• Problem to solve
Copy every entry exactly as it reads and exclude whatever pictures appear.

Images for object localization
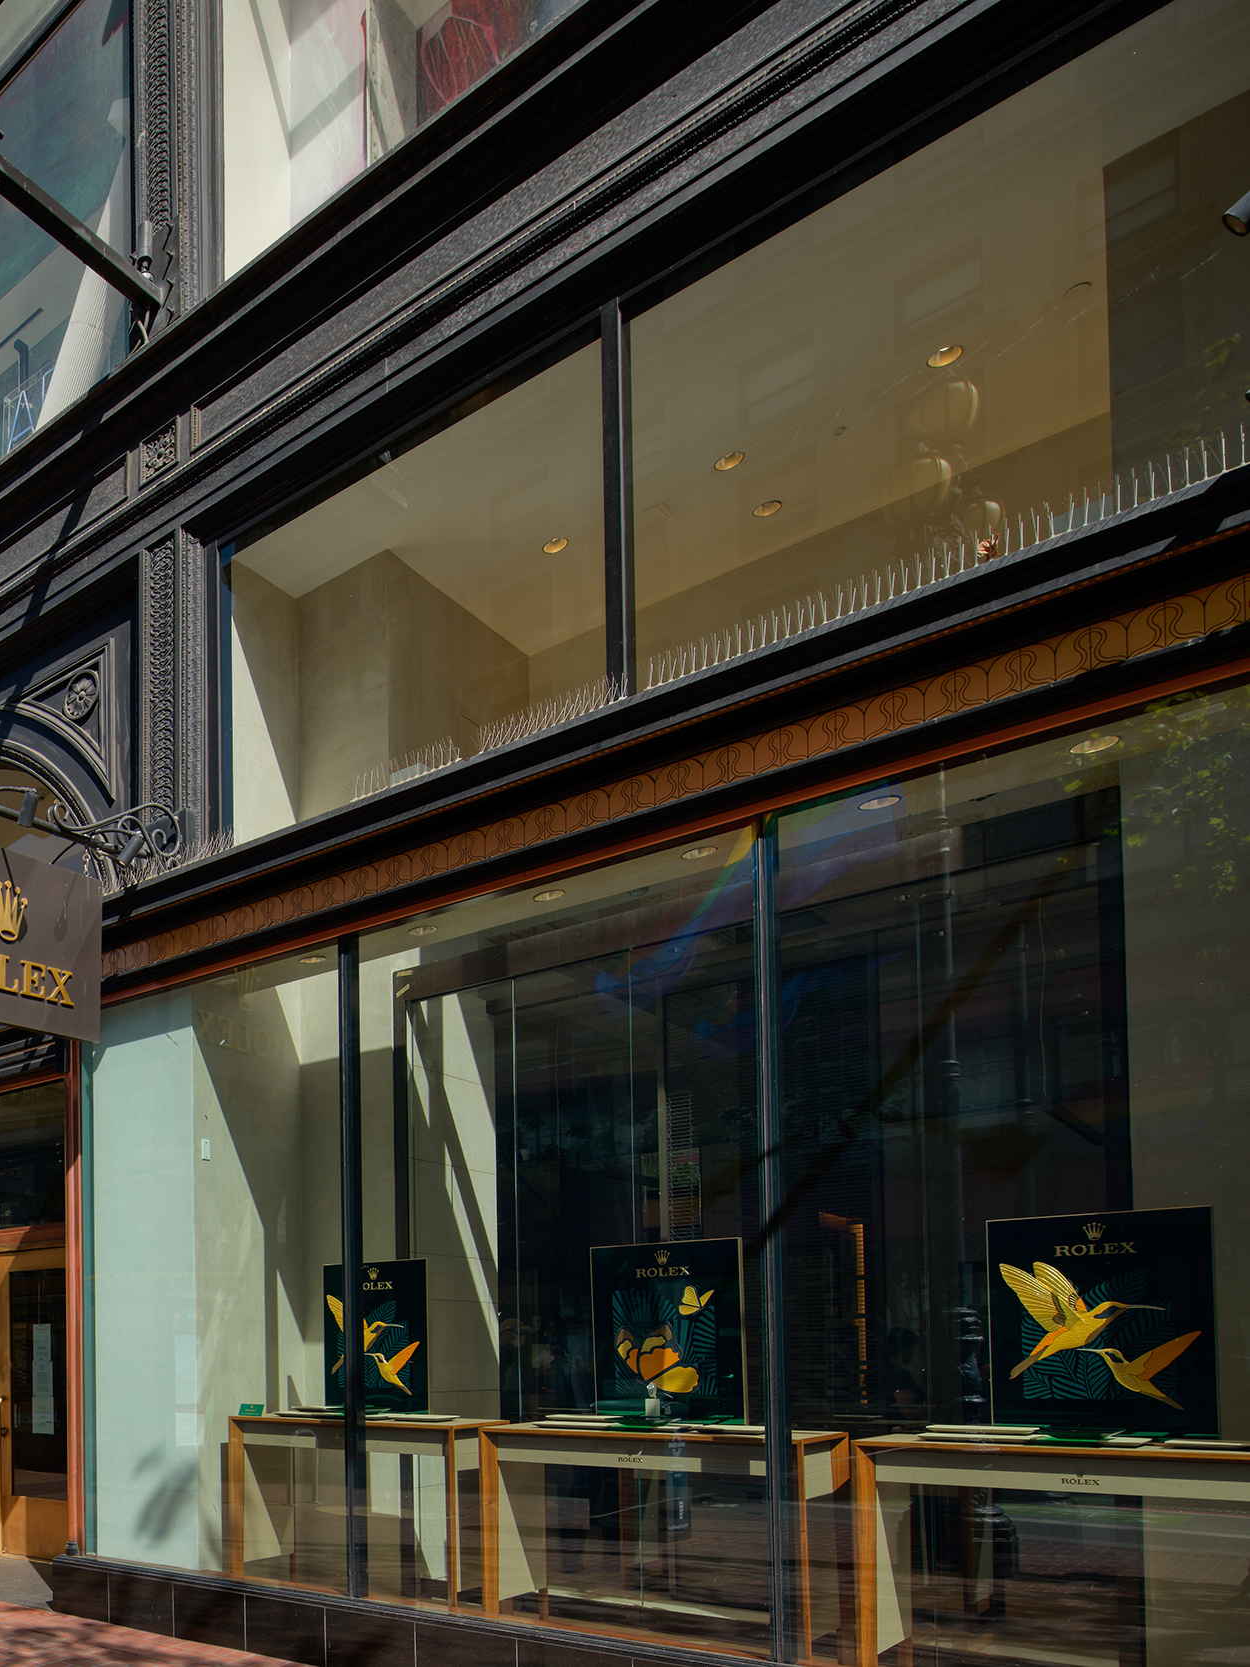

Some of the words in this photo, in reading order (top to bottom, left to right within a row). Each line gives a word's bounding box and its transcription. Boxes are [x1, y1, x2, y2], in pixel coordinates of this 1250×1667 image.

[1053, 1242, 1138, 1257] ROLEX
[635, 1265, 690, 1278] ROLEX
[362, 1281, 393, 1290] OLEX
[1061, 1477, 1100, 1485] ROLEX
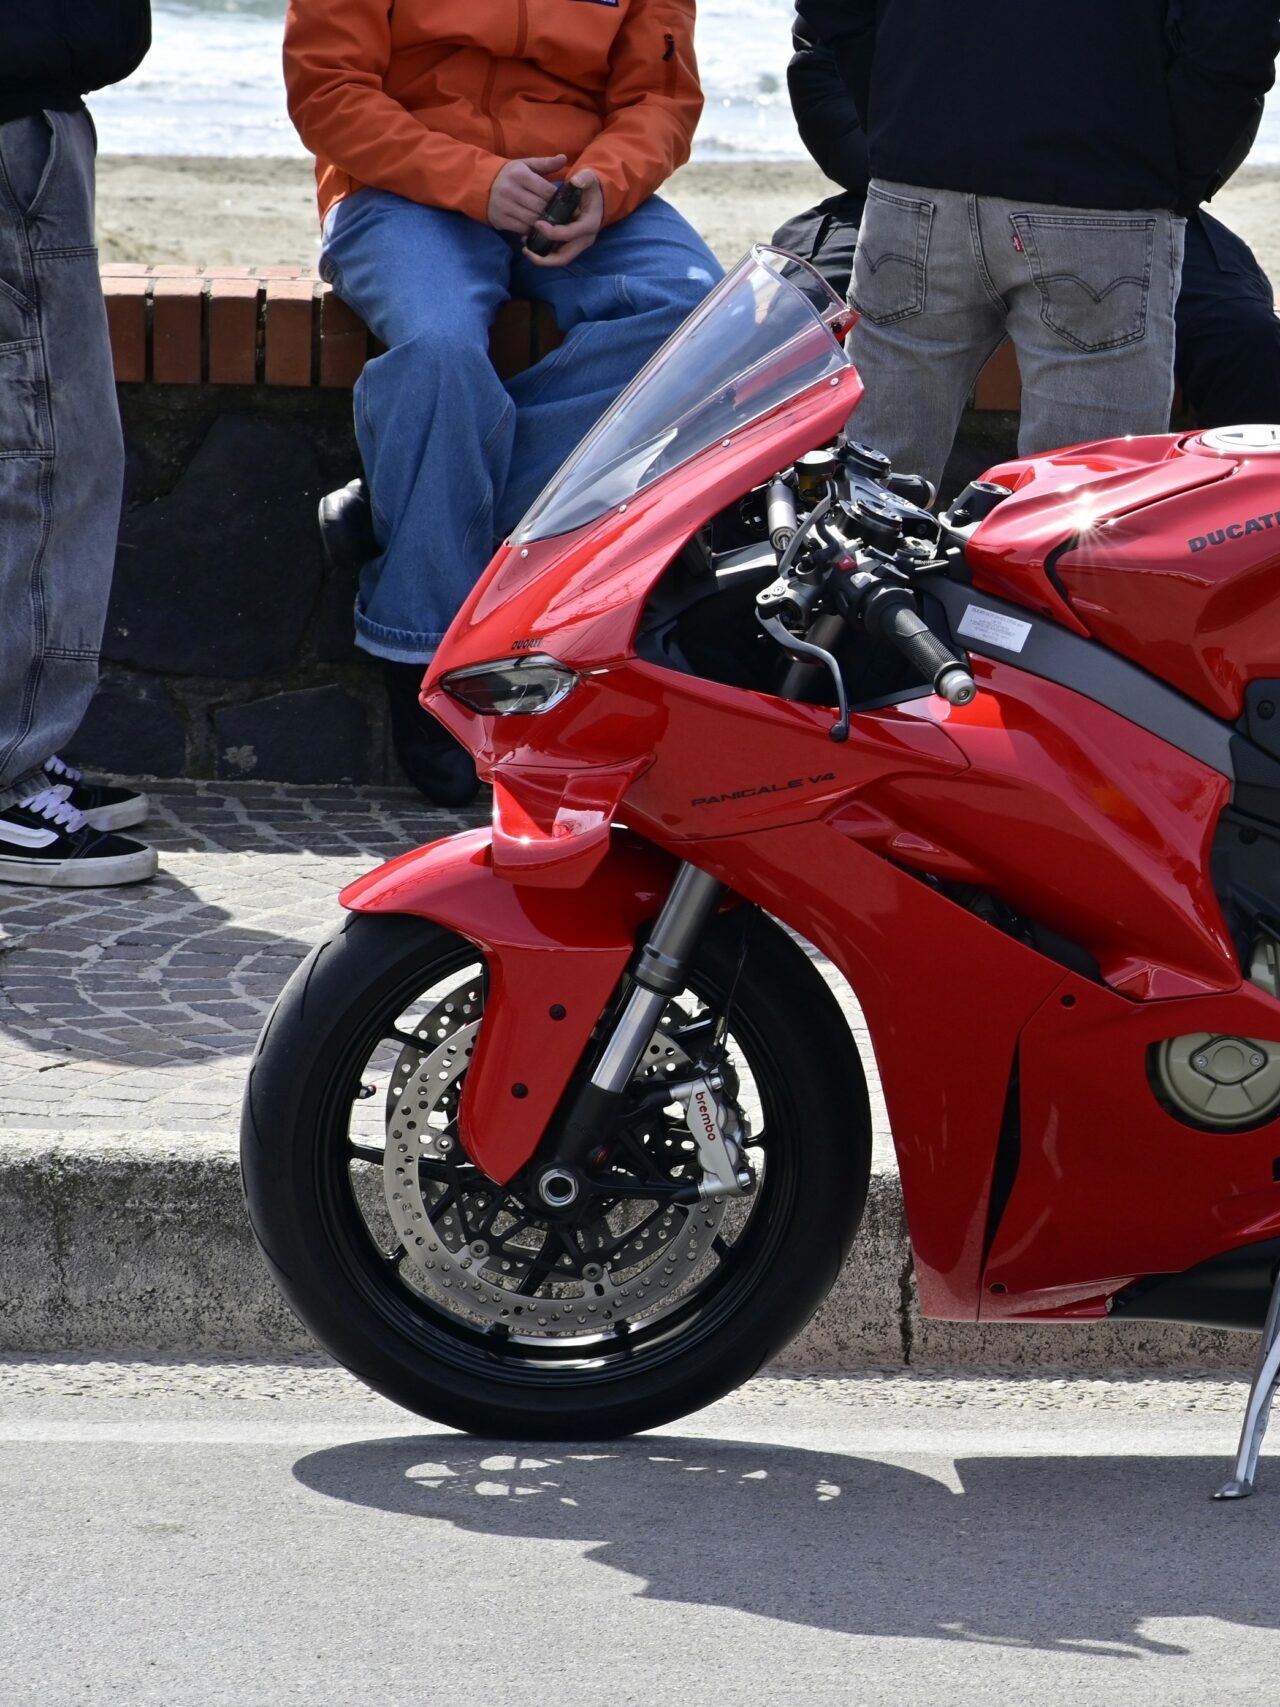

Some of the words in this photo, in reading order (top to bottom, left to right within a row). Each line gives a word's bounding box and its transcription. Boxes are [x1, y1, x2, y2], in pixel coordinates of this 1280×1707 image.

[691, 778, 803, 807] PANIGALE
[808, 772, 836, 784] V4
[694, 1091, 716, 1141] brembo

• Output of the exercise
Some of the words in this photo, in reading order (top to bottom, left to right within a row). Each line gives a word's bounding box and its transcription. Boxes are [x1, y1, x2, y2], in pixel coordinates of this 1250×1667 image.

[1053, 1242, 1138, 1257] ROLEX
[635, 1265, 690, 1278] ROLEX
[362, 1281, 393, 1290] OLEX
[1061, 1477, 1100, 1485] ROLEX

Some of the words in this photo, in reading order (top to bottom, left to right within a row). Each line gives a word's bounding box and its transcription. Boxes are [x1, y1, x2, y2], in pixel coordinates of this 1280×1707 image.

[691, 778, 803, 807] PANIGALE
[808, 772, 836, 784] V4
[694, 1091, 716, 1141] brembo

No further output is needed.